- Born: April 9, 1974 (age 52) Versailles, France
- Education: ESMOD
- Occupation: Fashion Designer
- Employer(s): Maison Margiela, Ann Demeulemeester
- Awards: 1st Fashion Prize, 1998, Festival international de mode et de photographie

= Sébastien Meunier =

French fashion designer (born 1974)

Sébastien Meunier is a French fashion designer. He was the creative director of Ann Demeulemeester's label from 2010 until 2020.

== Biography ==

Sébastien Meunier was born in Versailles in 1974.

He graduated from ESMOD, the Paris-based fashion school, in 1997. The next year, he presented his first collection at the Festival international de mode et de photographie in Hyères. The collection, that drew inspiration from fetichism and body transformations, was awarded with the first fashion prize from the jury presided by Martine Sitbon, Hussein Chalayan and Jean Colonna - the later offering him immediately his first position. Sébastien Meunier assisted Jean Colonna until he decided to launch his own menswear label in 1999.

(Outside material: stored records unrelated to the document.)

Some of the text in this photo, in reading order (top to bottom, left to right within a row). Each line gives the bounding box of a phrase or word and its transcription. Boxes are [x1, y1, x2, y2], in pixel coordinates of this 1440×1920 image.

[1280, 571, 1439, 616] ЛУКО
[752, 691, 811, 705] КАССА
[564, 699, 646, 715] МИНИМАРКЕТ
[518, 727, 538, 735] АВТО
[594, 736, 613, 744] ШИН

Through his brand, which is autobiographical, Sébastien Meunier explored for 7 years specific areas of masculinity and identities, and is noted for the focus on the sexualization of the male body in fashion.

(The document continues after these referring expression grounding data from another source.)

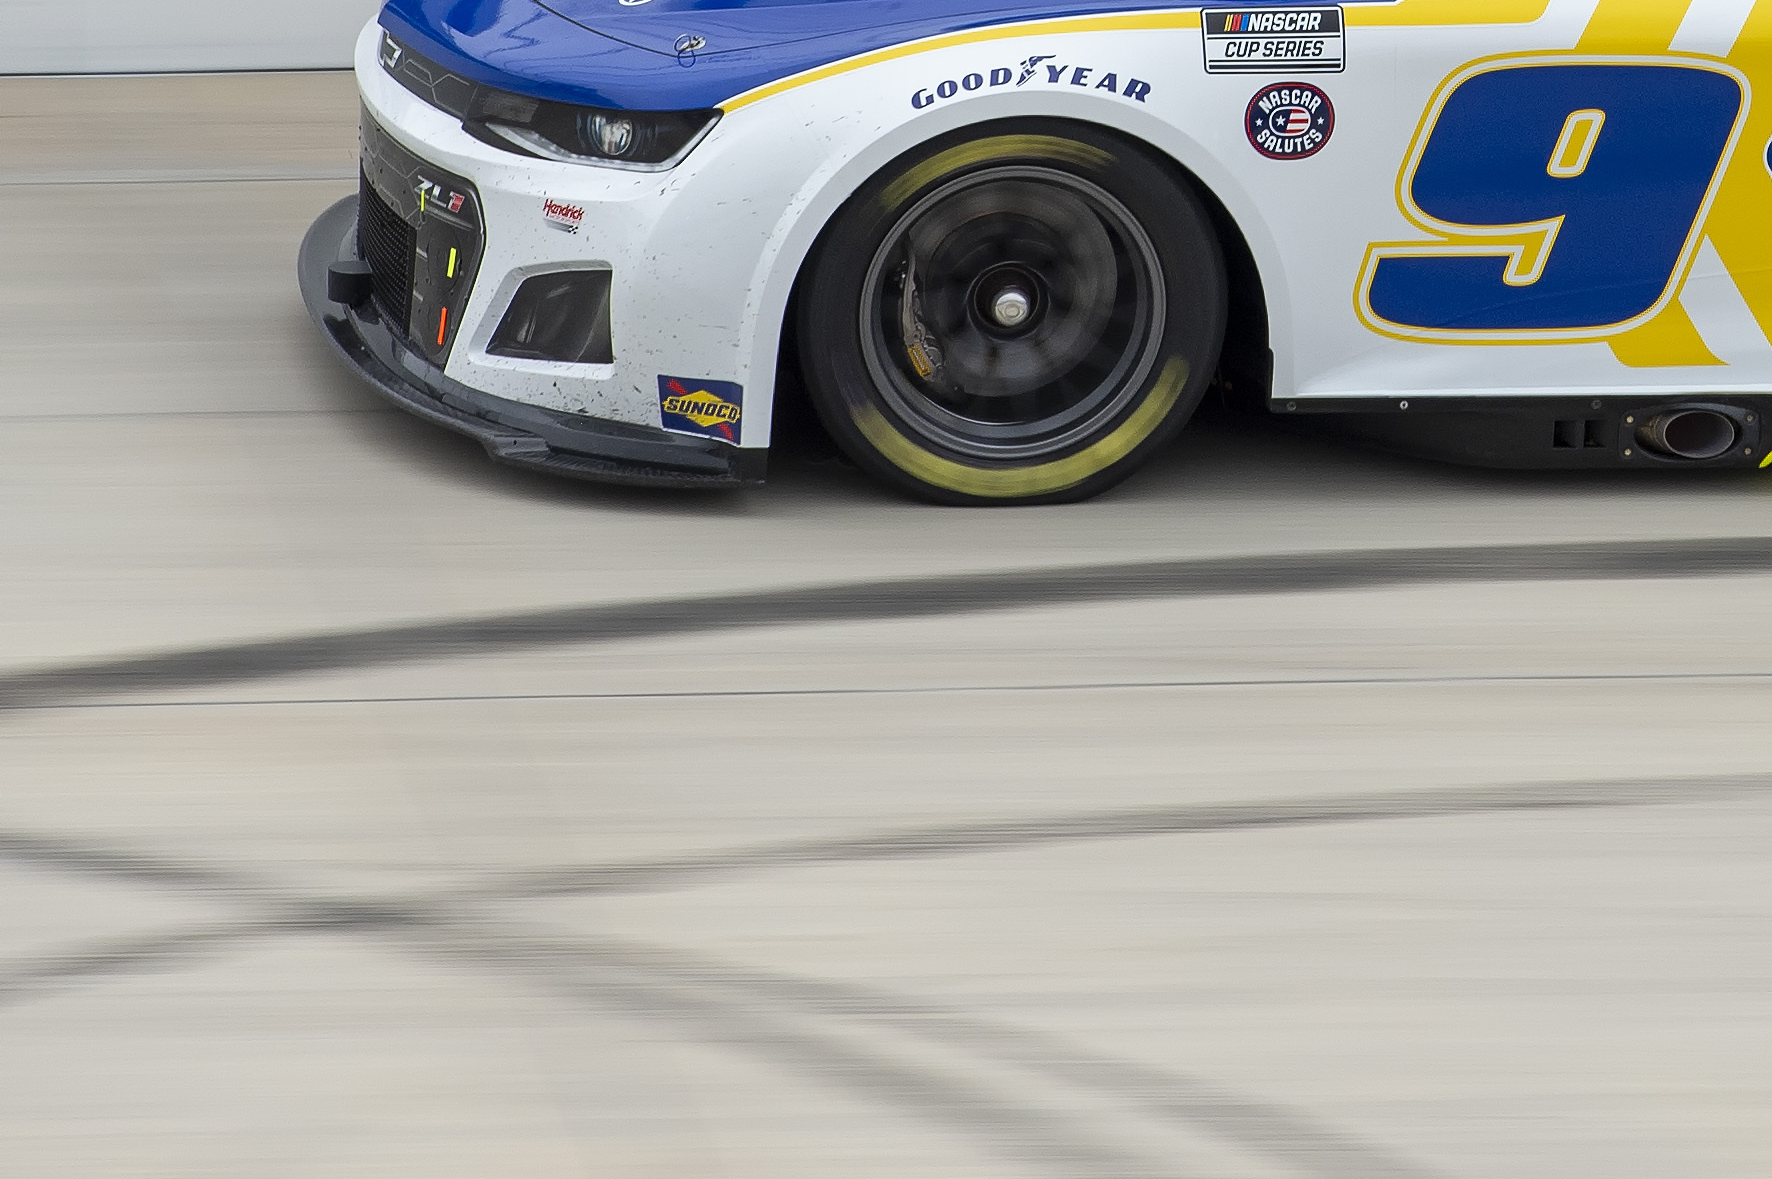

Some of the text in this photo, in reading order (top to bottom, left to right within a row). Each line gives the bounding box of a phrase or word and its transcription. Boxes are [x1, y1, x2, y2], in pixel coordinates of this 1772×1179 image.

[1248, 12, 1321, 32] NASCAR
[1225, 40, 1324, 57] CUP SERIES
[1258, 89, 1321, 114] NASCAR
[1257, 128, 1322, 152] SALUTES
[1354, 49, 1752, 344] 9
[543, 199, 584, 220] Hendrick
[667, 398, 739, 421] SUNOCO

As early as 2000, Sébastien Meunier's work caught the attention of Martin Margiela, inaugurating a decade-long collaboration with the designer, first as head of design for MM6, then as creative director for all men's lines of Maison Margiela.

Ann Demeulemeester asked him to join her in Antwerp in 2010 to look after her menswear collections, cementing Sébastien Meunier's affinity with Belgian fashion. Following her decision to retire from the fashion industry in 2013, the Belgian designer chose him as her successor at the helm of the brand she founded in 1985. While staying true to the DNA of the Nineties romantic designer, Sébastien Meunier made the brand evolve toward a more inclusive, gender(s) free(d) aesthetic, reaching a fresh audience. In July 2020, Sébastien Meunier left the company shortly before the relocation of the brand in Italy.

In parallel to his designer's work, Sébastien Meunier is particularly interested in the arts of performance, having staged or participated to several performances throughout his career, including EAT (°2008), which he co-created with the late choreographer Alain Buffard, and is now part of the collection of the Centre Pompidou.